IN the run-up to the July 30 elections, Zanu PF leader President Emmerson Mnangagwa promised that he would be a listening President and that his government was going to guarantee an affordable, but vibrant health care system.
Chapter 4, subsection 75 of the country’s Constitution states that every citizen and permanent resident has a right to access basic health care services. But thousands of people who have been admitted to some of the country’s public hospitals and referral centres have been stripped of that right following the decision by junior doctors to embark on industrial action.
The doctors are unhappy with their working conditions and remuneration. It is sad that the issue of doctor’s conditions of service and remuneration has been long-running, and government has not gone beyond lip service in attending to the issue. The fact that the government would rather buy luxury vehicles worth of hundreds of thousands of dollars for traditional leaders demonstrates that its priorities are all mixed up.
Early this week, Mnangagwa pledged to turn around the welfare of traditional chiefs by piling benefits and a share of the $310 million set aside for devolution in the 2019 National Budget after the chiefs had presented a long list of demands at the National Chiefs Council conference in Kadoma.
If truth be told, these traditional leaders who only serve the purpose of perpetuating Zanu PF’s stranglehold on power should not be a priority given the challenges facing this economy and the scarcity of resources.
It would make more sense to prioritise the needs of healthcare workers, who are tasked with the huge responsibility of ensuring the population’s health, than to continuously pamper praise singers who do not bring any value to national development.

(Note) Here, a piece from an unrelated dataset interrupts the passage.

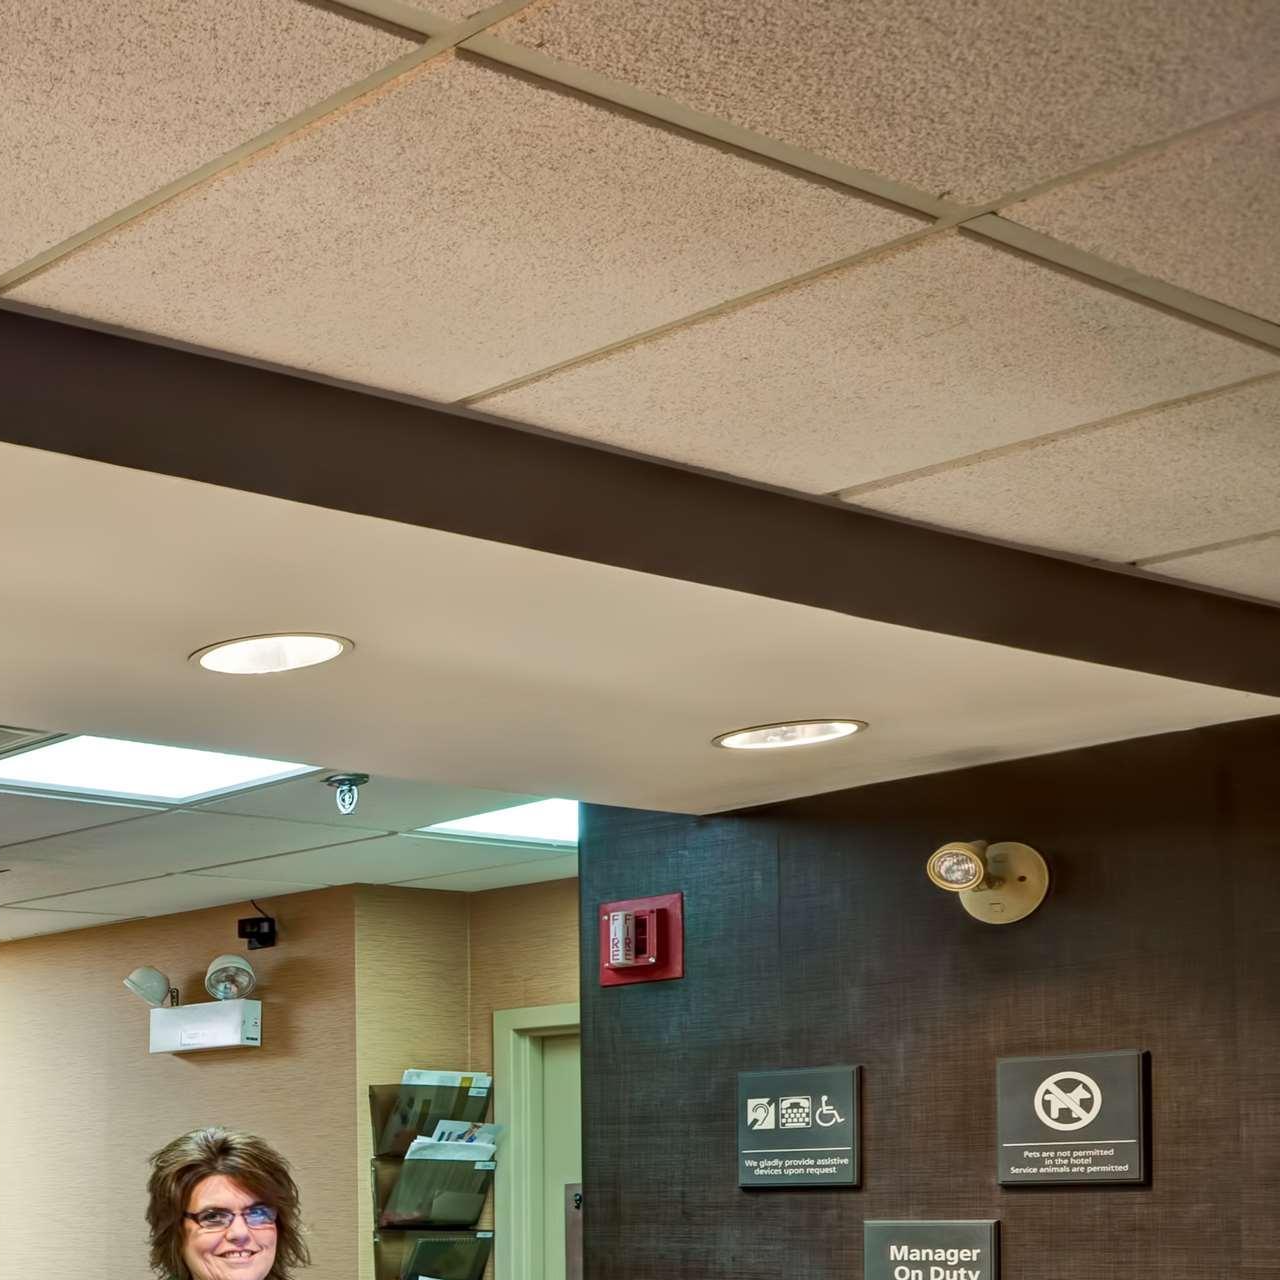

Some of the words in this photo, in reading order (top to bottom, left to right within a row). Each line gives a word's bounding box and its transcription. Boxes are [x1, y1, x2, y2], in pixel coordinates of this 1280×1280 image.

Vice-President Constantino Chiwenga — who ill-advisedly fired hundreds of nurses for embarking on a national strike while the President was out of the country — stressed that chiefs want to make sure that their subjects toed the line by furthering government policies and vision as some form of payback.
If it was a shared vision, then it should surely include prioritising the health sector, which probably has a more critical role to play in society.
This issue needs to be addressed once and for all if Zimbabweans are to enjoy their full rights to health.
It is shocking that government would prioritise luxury cars for chiefs while citizens who use the public health institutions struggle to access health care.
The situation in our public health facilities is so untenable that one wonders how our political leaders are able to sleep peacefully at night — perhaps because they and their families access health service abroad where healthcare workers are well taken care of by their own governments and have no need to embark on job action.